(Supplied material Opens)
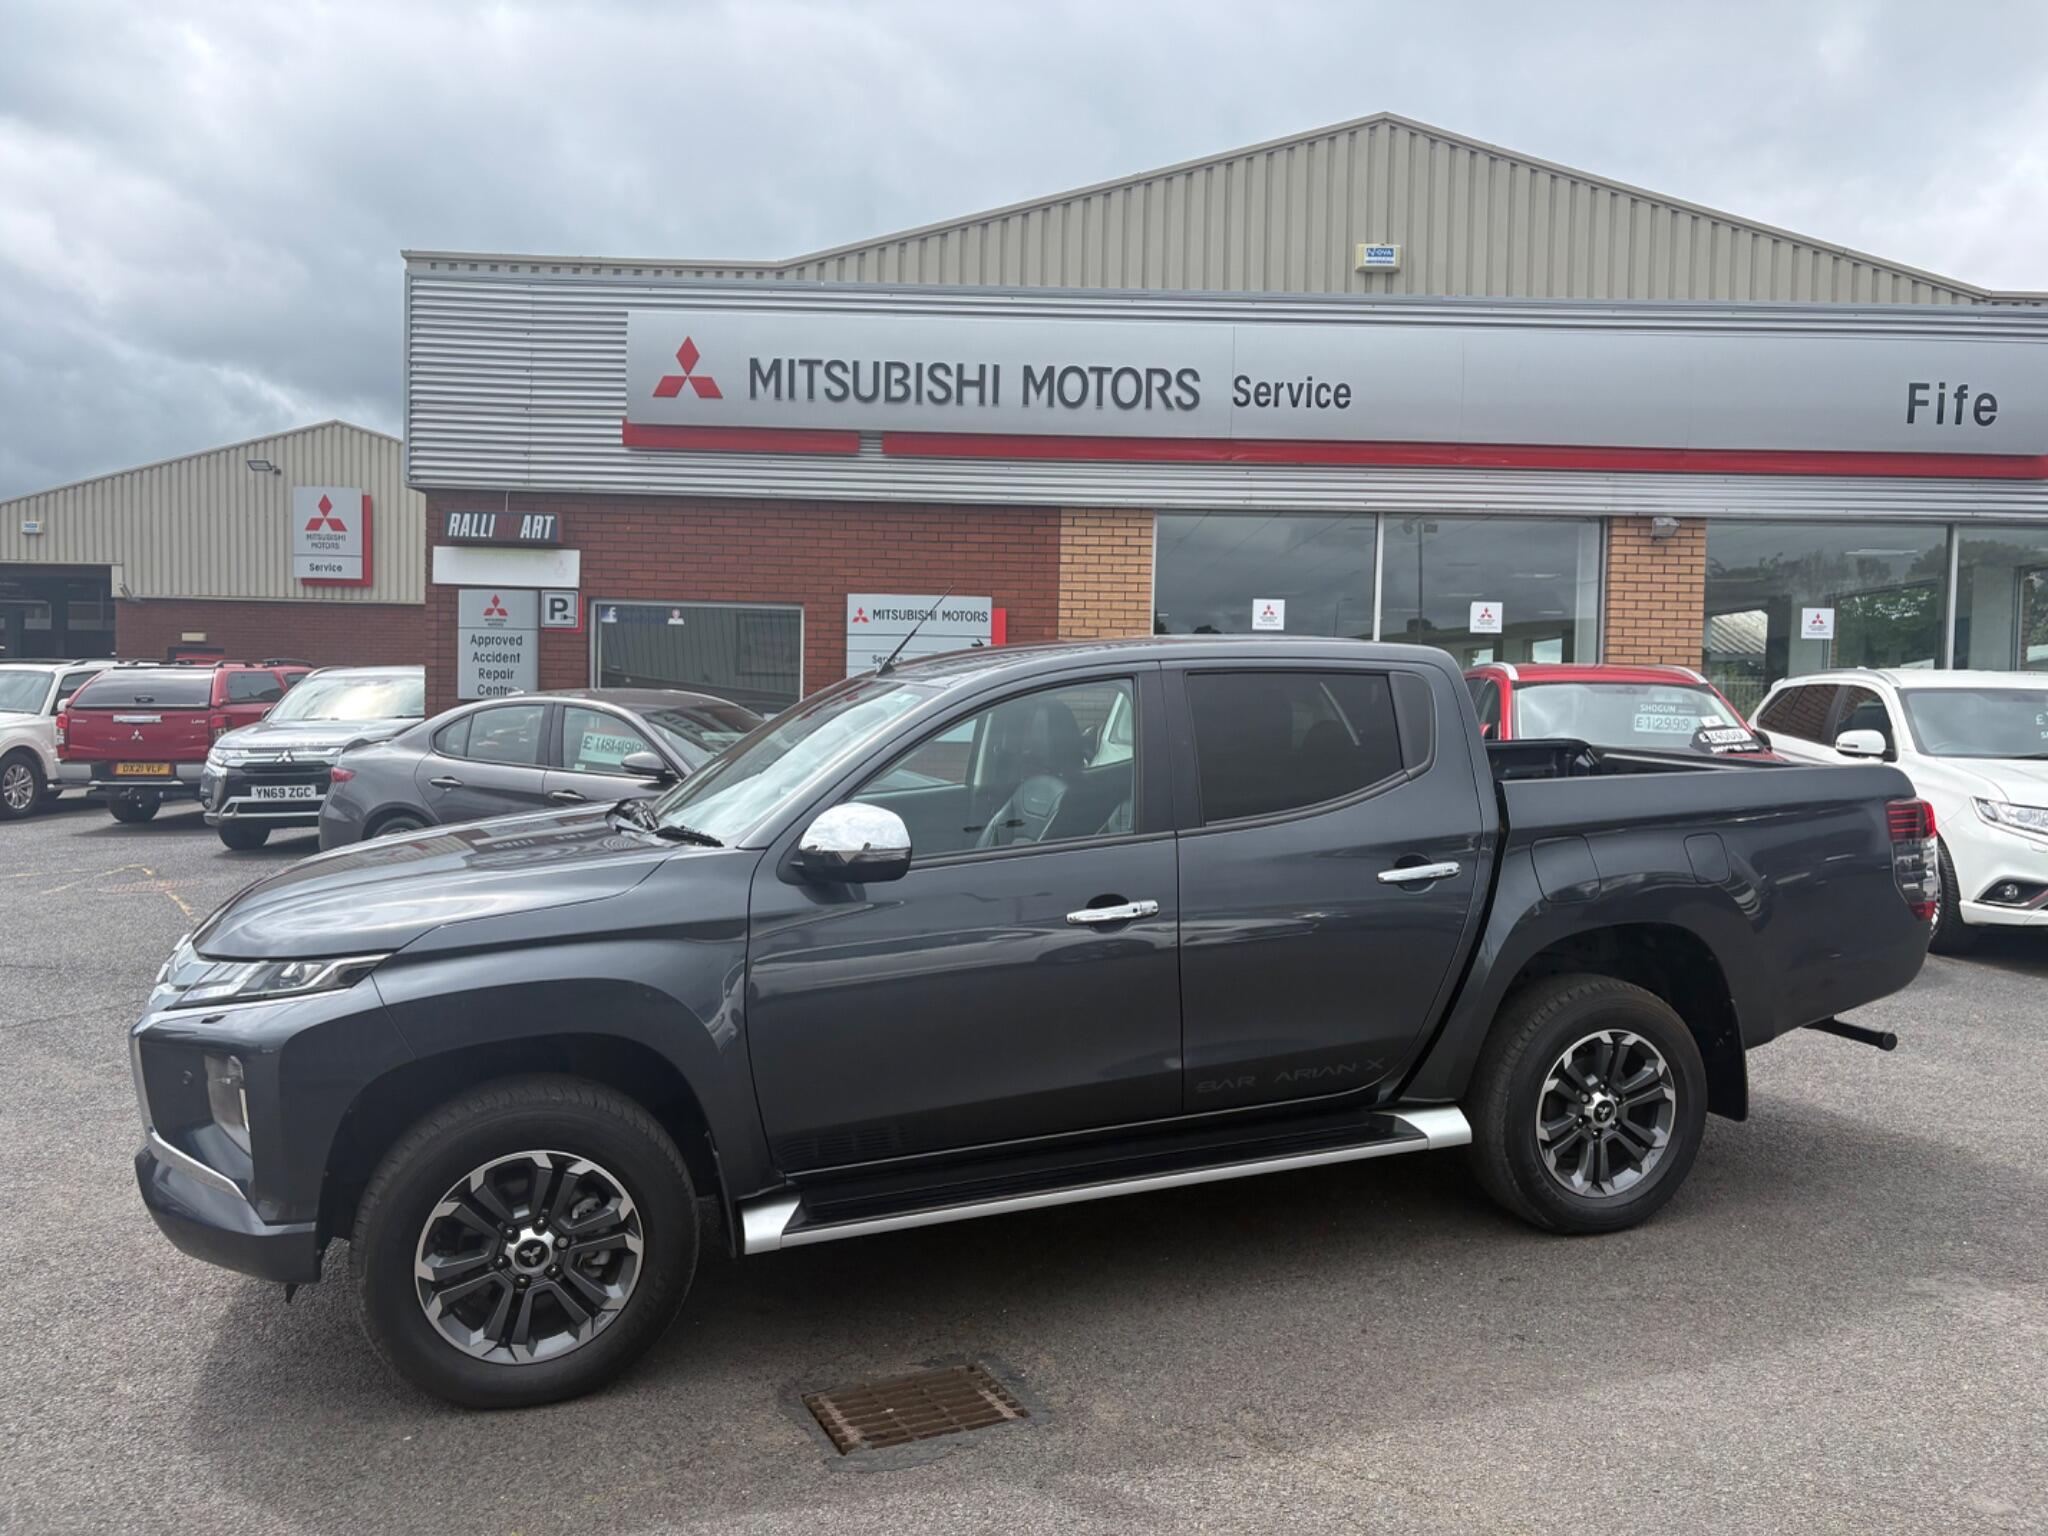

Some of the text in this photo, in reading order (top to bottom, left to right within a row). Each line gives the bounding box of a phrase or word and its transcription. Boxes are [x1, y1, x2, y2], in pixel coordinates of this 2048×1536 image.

[749, 357, 1352, 411] MITSUBISHI MOTORS Service
[1907, 382, 1998, 426] Fife
[448, 513, 555, 539] RALLI ART
[309, 563, 343, 572] Service
[550, 598, 568, 620] P
[872, 609, 988, 623] MITSUBISHI MOTORS
[470, 634, 523, 647] Approved
[472, 651, 521, 663] Accident
[478, 668, 514, 681] Repair
[1640, 704, 1676, 713] SHOGUN
[256, 787, 311, 798] YN69 ZGC
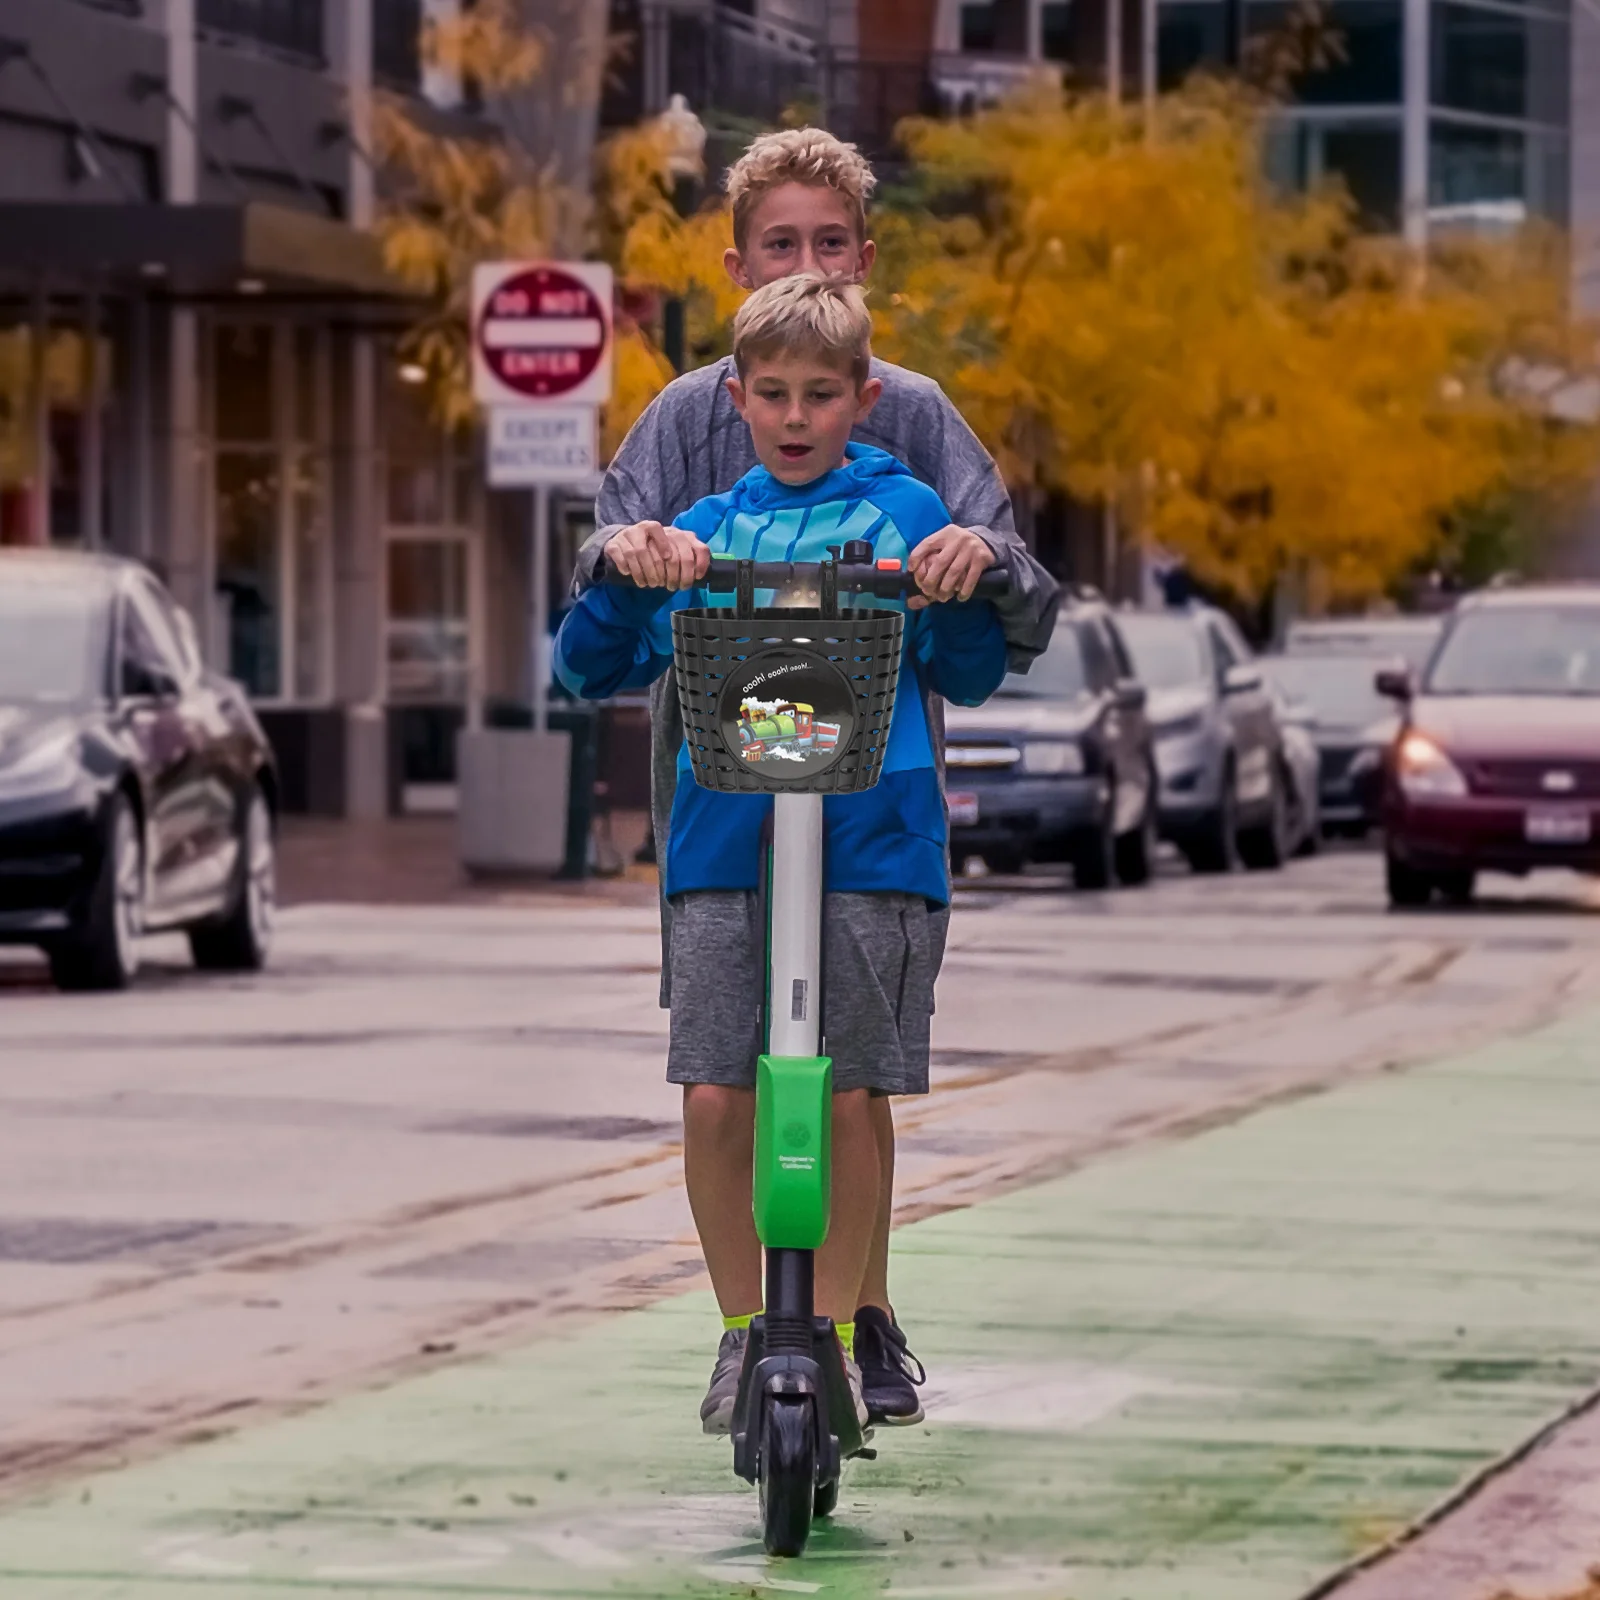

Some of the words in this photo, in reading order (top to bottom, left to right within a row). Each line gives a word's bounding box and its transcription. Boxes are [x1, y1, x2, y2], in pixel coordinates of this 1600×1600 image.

[494, 290, 529, 313] DO
[540, 290, 588, 313] NOT
[502, 352, 580, 375] ENTER
[505, 419, 578, 439] EXCEPT
[493, 447, 591, 467] BICYCLES
[742, 672, 767, 693] oooh!
[767, 664, 789, 679] oooh!
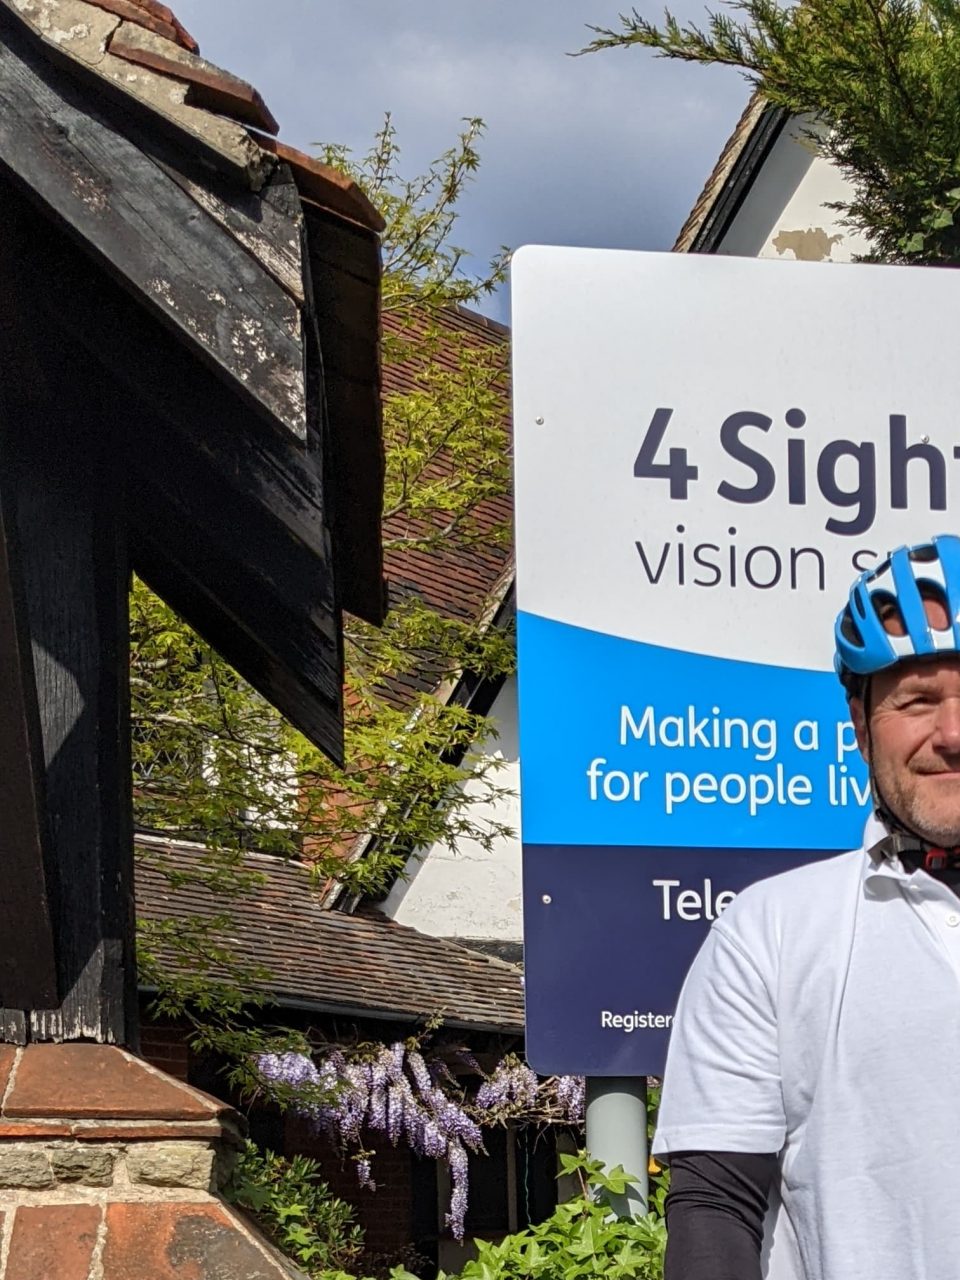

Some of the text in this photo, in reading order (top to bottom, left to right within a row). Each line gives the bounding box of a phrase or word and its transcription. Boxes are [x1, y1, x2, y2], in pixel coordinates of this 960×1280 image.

[634, 408, 698, 500] 4
[635, 524, 826, 591] vision
[619, 705, 777, 761] Making
[793, 720, 820, 751] a
[586, 758, 649, 801] for
[665, 763, 813, 816] people
[828, 764, 872, 807] liv
[653, 878, 738, 921] Tele
[601, 1010, 676, 1033] Register
(Supplied material Closes)
**Your assignment**
Write out all of the data above exactly, without any of its pictures.

**Response below**
Some of the text in this photo, in reading order (top to bottom, left to right within a row). Each line gives the bounding box of a phrase or word and its transcription. Boxes are [x1, y1, x2, y2], in pixel coordinates of this 2048×1536 image.

[749, 357, 1352, 411] MITSUBISHI MOTORS Service
[1907, 382, 1998, 426] Fife
[448, 513, 555, 539] RALLI ART
[309, 563, 343, 572] Service
[550, 598, 568, 620] P
[872, 609, 988, 623] MITSUBISHI MOTORS
[470, 634, 523, 647] Approved
[472, 651, 521, 663] Accident
[478, 668, 514, 681] Repair
[1640, 704, 1676, 713] SHOGUN
[256, 787, 311, 798] YN69 ZGC

Some of the words in this photo, in reading order (top to bottom, left to right within a row). Each line gives a word's bounding box and its transcription. Boxes are [x1, y1, x2, y2], in pixel coordinates of this 1600×1600 image.

[494, 290, 529, 313] DO
[540, 290, 588, 313] NOT
[502, 352, 580, 375] ENTER
[505, 419, 578, 439] EXCEPT
[493, 447, 591, 467] BICYCLES
[742, 672, 767, 693] oooh!
[767, 664, 789, 679] oooh!

Some of the text in this photo, in reading order (top to bottom, left to right within a row). Each line gives the bounding box of a phrase or word and its transcription. Boxes are [x1, y1, x2, y2], in pixel coordinates of this 960×1280 image.

[634, 408, 698, 500] 4
[635, 524, 826, 591] vision
[619, 705, 777, 761] Making
[793, 720, 820, 751] a
[586, 758, 649, 801] for
[665, 763, 813, 816] people
[828, 764, 872, 807] liv
[653, 878, 738, 921] Tele
[601, 1010, 676, 1033] Register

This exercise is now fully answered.